Closeup of aluminum in aluminum production facility

South Korean private equity giant MBK Partners is moving forward with another major expansion in Japan after securing approval to acquire aluminum producer Alte Mira Holdings in a deal valued at roughly 117.5 billion yen, or about $739 million. The transaction marks a significant turnaround for MBK following months of uncertainty surrounding its failed attempt to acquire Japanese machine tool maker Makino Milling Machine, a deal that collapsed earlier this year after intense regulatory scrutiny from Tokyo.

Industry sources said MBK signed an agreement to purchase a full stake in Alte Mira from U.S. investment firm Apollo Global Management. The acquisition has already passed review under Japan’s Foreign Exchange and Foreign Trade Act, clearing one of the final major hurdles before completion. The approval process reportedly took only around two months despite Alte Mira operating in sectors tied to lithium ion battery production, which Japan classifies as strategically sensitive because of their connection to electric vehicles and defense related technologies.

The speed of the approval process stands in sharp contrast to MBK’s drawn out pursuit of Makino Milling Machine. Japanese authorities spent nearly a year reviewing that proposed takeover because Makino’s advanced machining technology was considered capable of both industrial and military applications. Concerns over technology leakage and national security eventually led regulators to recommend suspending the deal, forcing MBK to withdraw. The collapse represented a rare public setback for the private equity firm and raised questions about its ability to complete large scale acquisitions in Japan’s increasingly cautious regulatory environment.

By successfully securing the Alte Mira purchase, MBK appears eager to demonstrate that it remains committed to expanding in Japan despite the Makino disappointment. Alte Mira itself is a major player in the country’s aluminum sector, ranking second in the domestic aluminum can market behind Toyo Seikan while also producing industrial aluminum materials used across manufacturing and battery supply chains. The company was created through the merger of aluminum operations previously owned by Resonac Holdings and Mitsubishi Materials, with Apollo later combining and restructuring the businesses into a single entity.

MBK is expected to pursue aggressive operational changes once the deal closes. Reports indicate the firm plans to expand Alte Mira’s operations in Vietnam, strengthen its industrial product portfolio, and potentially pursue additional acquisitions to build scale in Asia’s aluminum market. An eventual public listing of Alte Mira is also being considered within the next several years as MBK looks to increase the company’s valuation before an exit.

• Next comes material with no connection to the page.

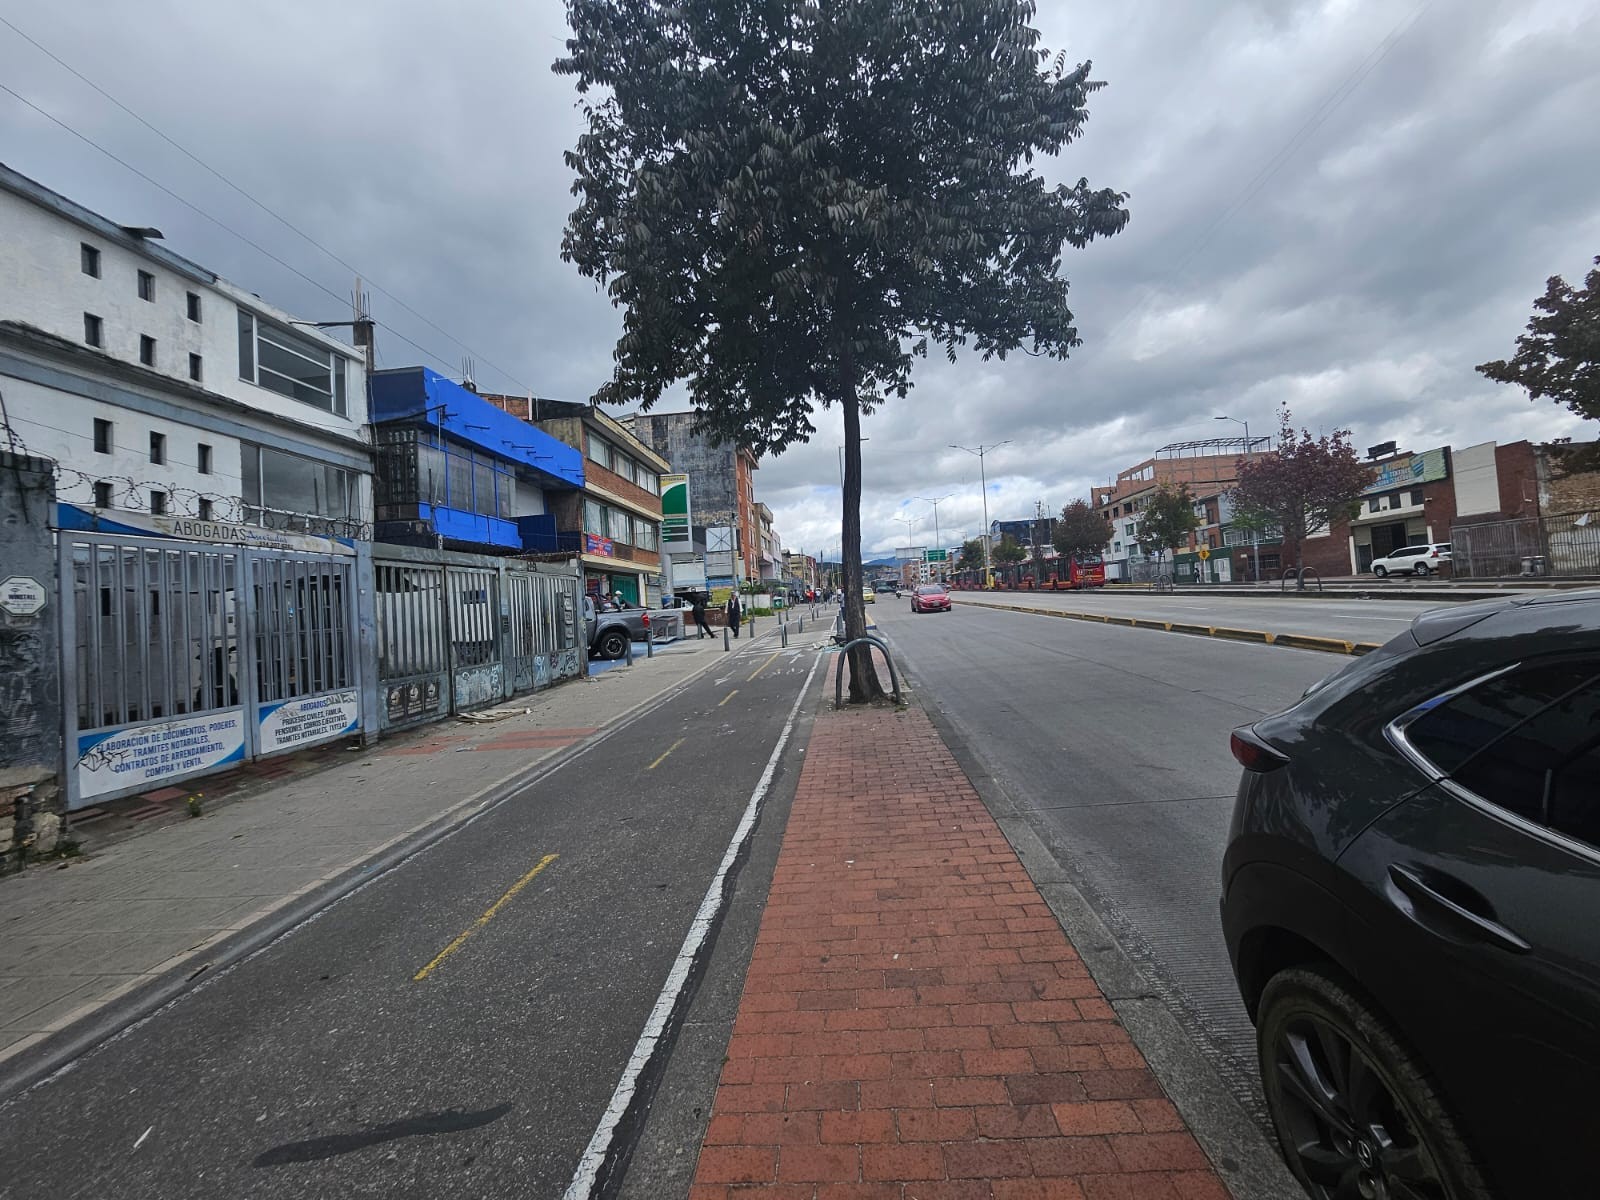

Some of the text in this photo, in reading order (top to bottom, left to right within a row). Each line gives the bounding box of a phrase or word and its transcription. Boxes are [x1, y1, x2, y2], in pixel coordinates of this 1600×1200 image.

The acquisition comes during a period when MBK has faced growing attention across several investments in Asia. In South Korea, the firm has been under pressure over its handling of struggling retailer Homeplus. MBK has spent months restructuring parts of the business while exploring asset sales and operational changes aimed at stabilizing the retailer’s finances. The firm’s efforts to sell off segments of Homeplus and secure emergency funding drew heavy scrutiny from labor groups, creditors, and political figures concerned about the future of the company and its workforce.

Even with those controversies, MBK remains one of Asia’s most influential buyout firms, and the Alte Mira transaction signals that the company is still willing to pursue large cross border investments despite regulatory and political headwinds. For Japanese markets, the deal may also indicate that authorities are prepared to allow foreign investment in sensitive industries when national security concerns are viewed as manageable.